I picked up this nugget of information when I first studied writing in college, and I’ve heard it restated no end of times since then. I pass it on to you because I’ve never been able to challenge the essential truth of the statement.
I’ve been trying to think of one solitary instance over the past twenty years when it’s helped me to know that a novel has a beginning, a middle and an ending. And I can’t come up with a one. I learned at about the same time that in 1938 the state of Wyoming produced one-third of a pound of dry edible beans for every man, woman and child in the nation, and that fact too has lingered in my mind for all these many years, and it hasn’t done me a whole hell of a lot of good either. But I pass it on, too, for whatever it’s worth.
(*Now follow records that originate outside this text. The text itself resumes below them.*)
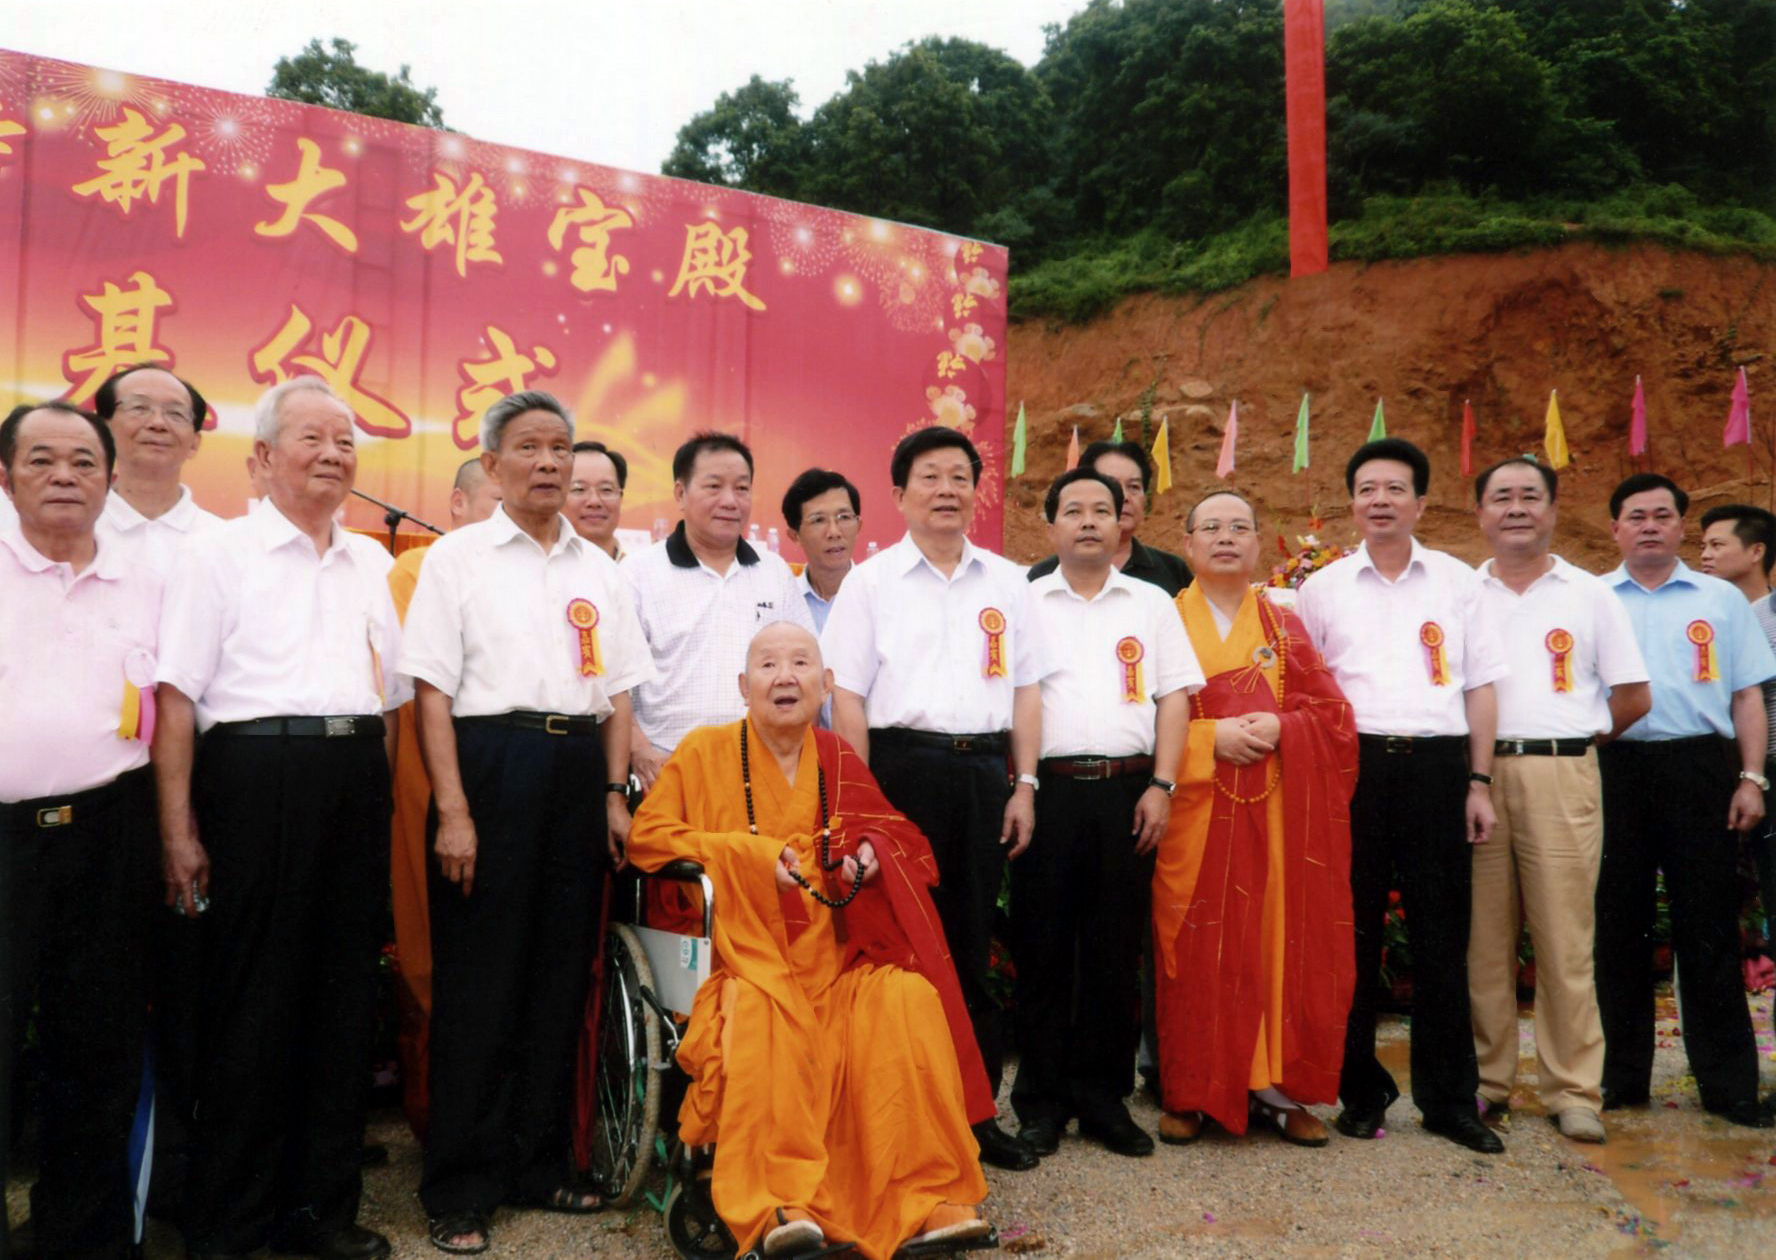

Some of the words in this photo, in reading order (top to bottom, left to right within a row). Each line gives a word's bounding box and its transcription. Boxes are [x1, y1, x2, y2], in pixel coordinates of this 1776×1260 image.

[0, 106, 767, 311] 新大雄宝殿
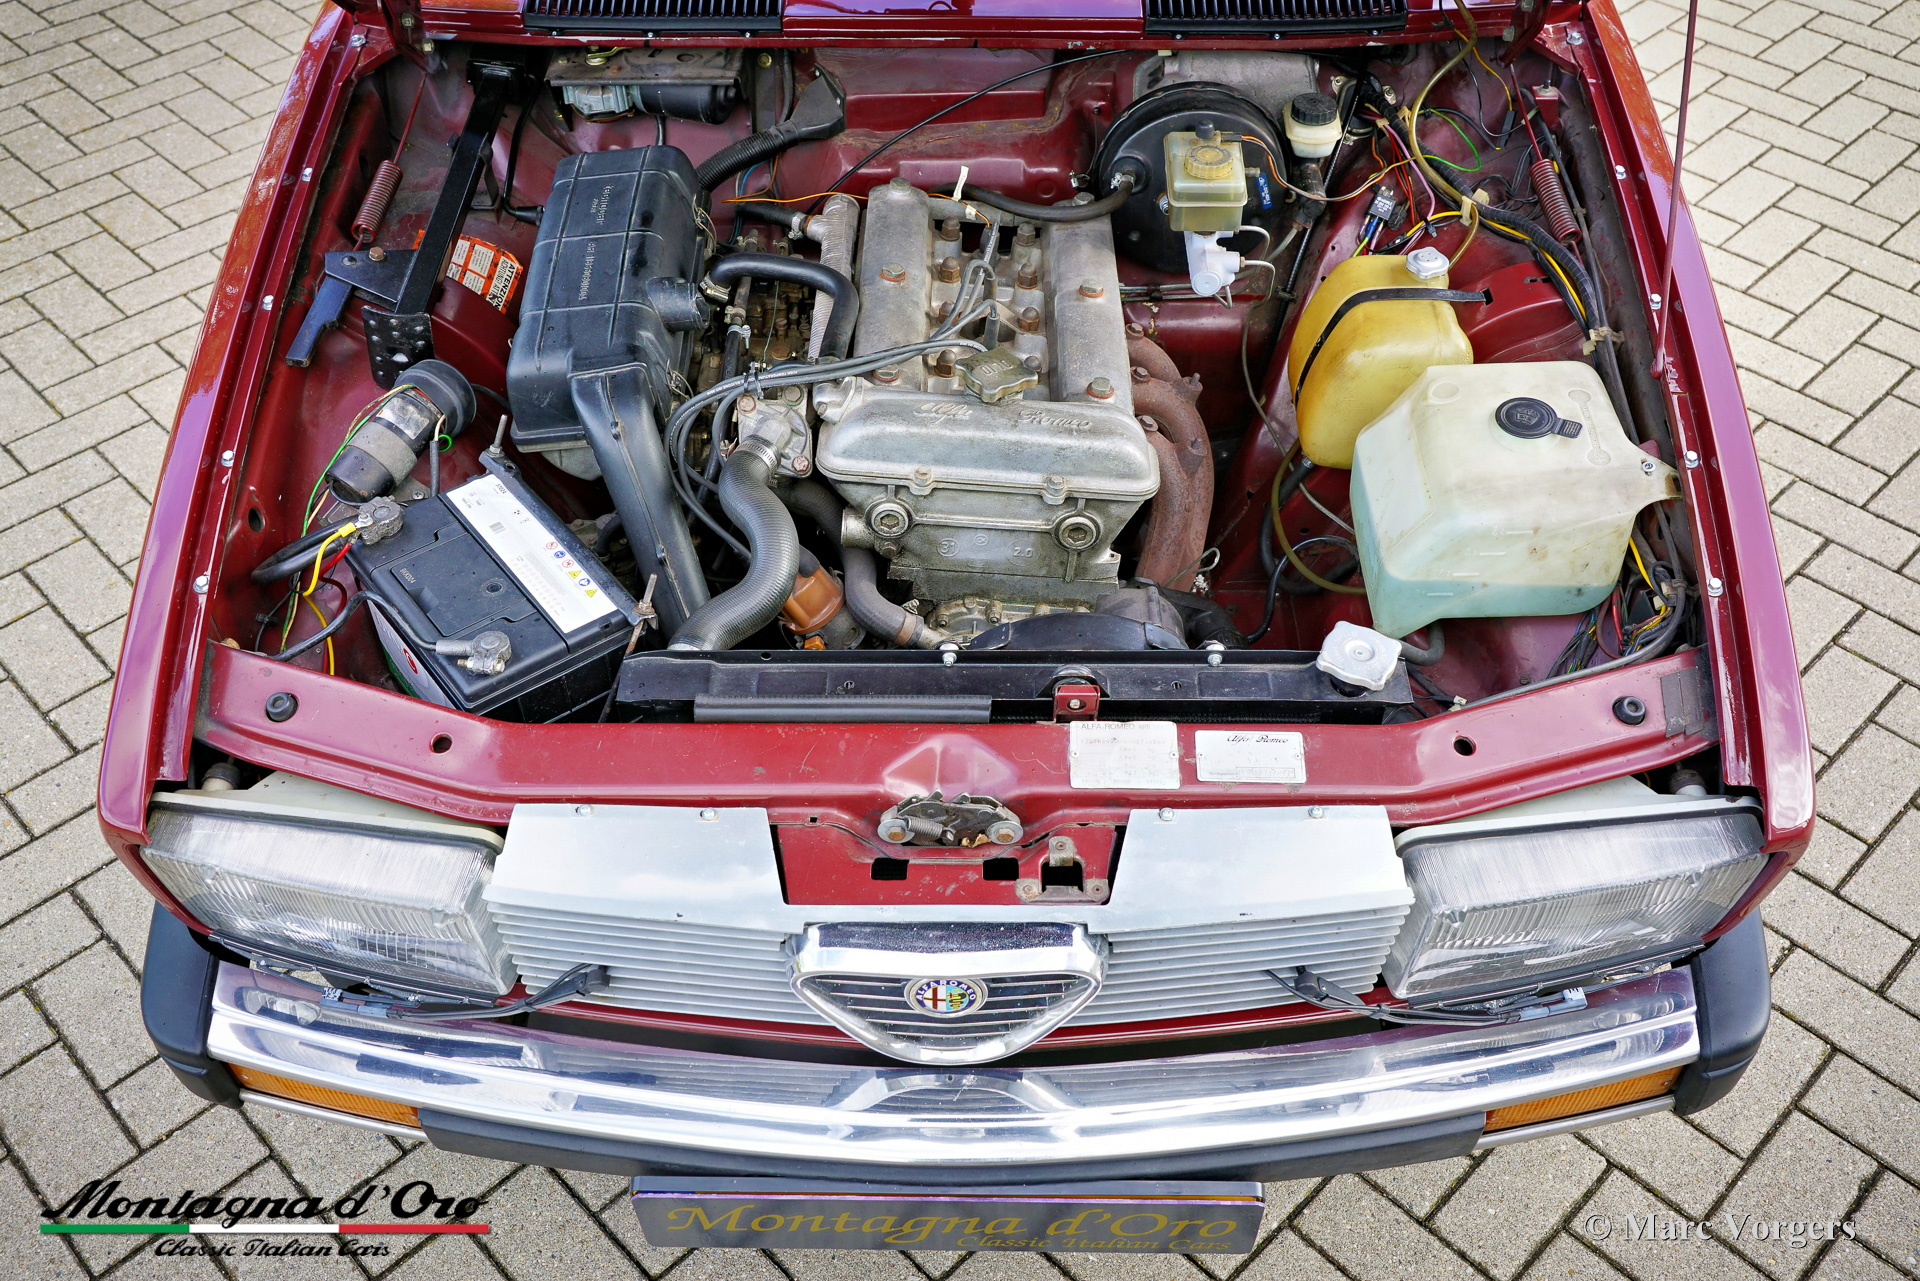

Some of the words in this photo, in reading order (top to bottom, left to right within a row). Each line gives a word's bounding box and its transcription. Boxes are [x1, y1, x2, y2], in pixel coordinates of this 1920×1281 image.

[979, 359, 1013, 376] OLIO
[913, 403, 973, 424] Alfa
[1018, 409, 1093, 429] Romeo
[940, 541, 957, 553] 31
[1012, 546, 1034, 558] 2.0
[1227, 734, 1250, 745] Alfa
[1255, 734, 1289, 744] Romeo
[915, 981, 938, 1001] ALFA
[940, 980, 977, 1001] ROMEO
[666, 1204, 1029, 1244] Montagna
[1047, 1209, 1238, 1239] d'Oro
[955, 1235, 1051, 1250] Classic
[1062, 1237, 1159, 1251] Italian
[1168, 1238, 1232, 1252] Cars
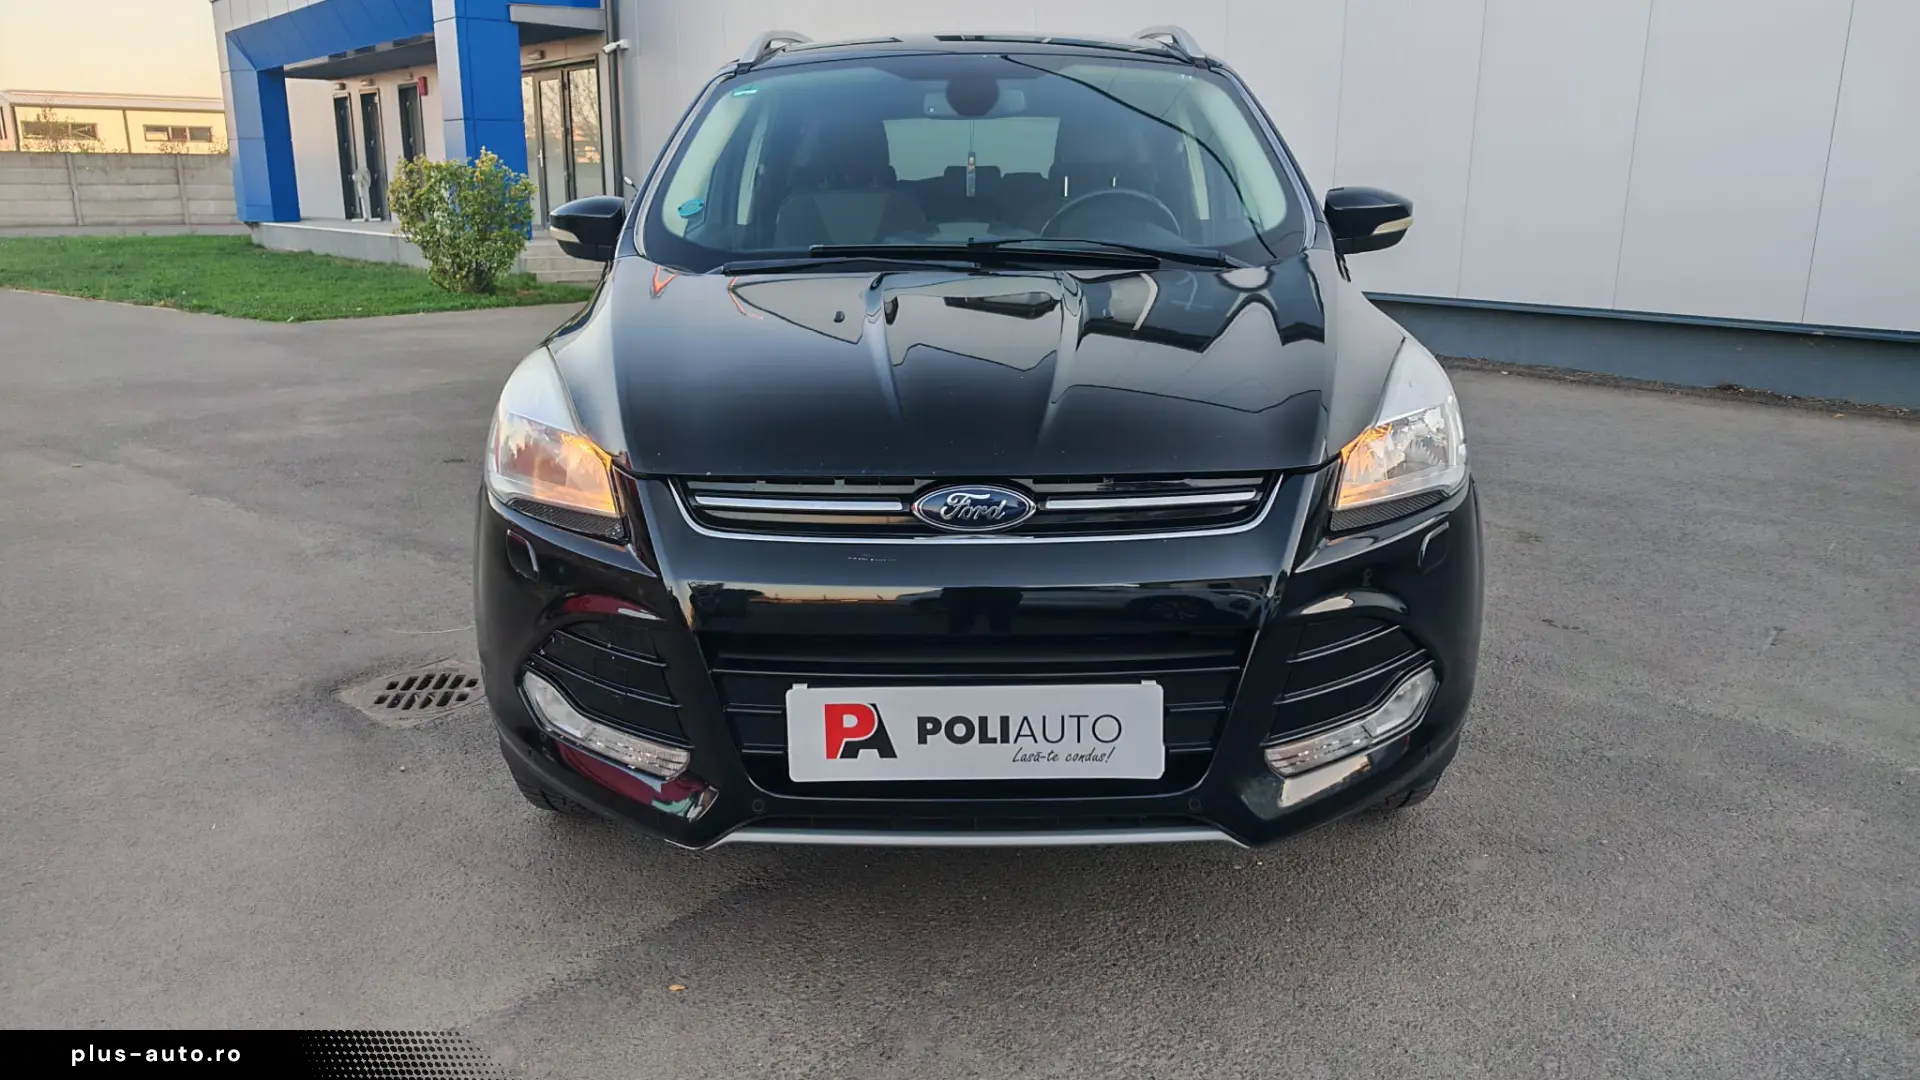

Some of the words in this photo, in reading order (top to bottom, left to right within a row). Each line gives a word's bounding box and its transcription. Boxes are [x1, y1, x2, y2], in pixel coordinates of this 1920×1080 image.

[939, 492, 1007, 521] Ford
[917, 714, 1122, 745] POLIAUTO
[1065, 746, 1115, 763] condus!
A beginning, a middle and an ending?
Let’s start with the beginning.
Openings are important. In a more leisurely world—a couple of centuries ago, say—the novelist had things pretty much to himself. There was no competition from radio and television, nor were there very many other novelists around. The form was new. Furthermore, life as a whole moved at a gentler pace. There were no cars, let alone moon rockets. One took one’s time, and one expected others to take their time—in life or in print.
Accordingly, a novel could move off sedately from a standing start. A long first chapter might be given over to a thoroughgoing summary of events which we are told took place before our story gets underway. It is not uncommon to encounter a Georgian or Victorian novel in which the first chapter constitutes little more than an extended family tree; the story’s protagonist doesn’t even land in the cradle until Chapter Two.
Things are different now. Novels, crowded together like subway riders at rush hour, stand on tiptoe shouting “Read me! Read me!” They compete with each other and with the myriad other leisure-time activities clamoring for public favor. The reader, however prepared he may be for a long leisurely perusal, is not of a mind to spend a first chapter pruning a family tree. He expects a book to catch his interest right away; if it doesn’t, it’s the easiest thing in the world for him to reach for another.
“The first chapter sells the book,” Mickey Spillane says. “And the last chapter sells the next book.”
Spillane, I’m told, also claims to write a book’s final chapter first. His entire book is geared to build up to the impact of the finale, he theorizes, so he can best achieve a powerful climax by writing that last scene first, then writing the rest of the book as prelude, I can see the logic in this, but we’ll go with the premise for now that you’re going to write your book more or less in order, beginning with page one.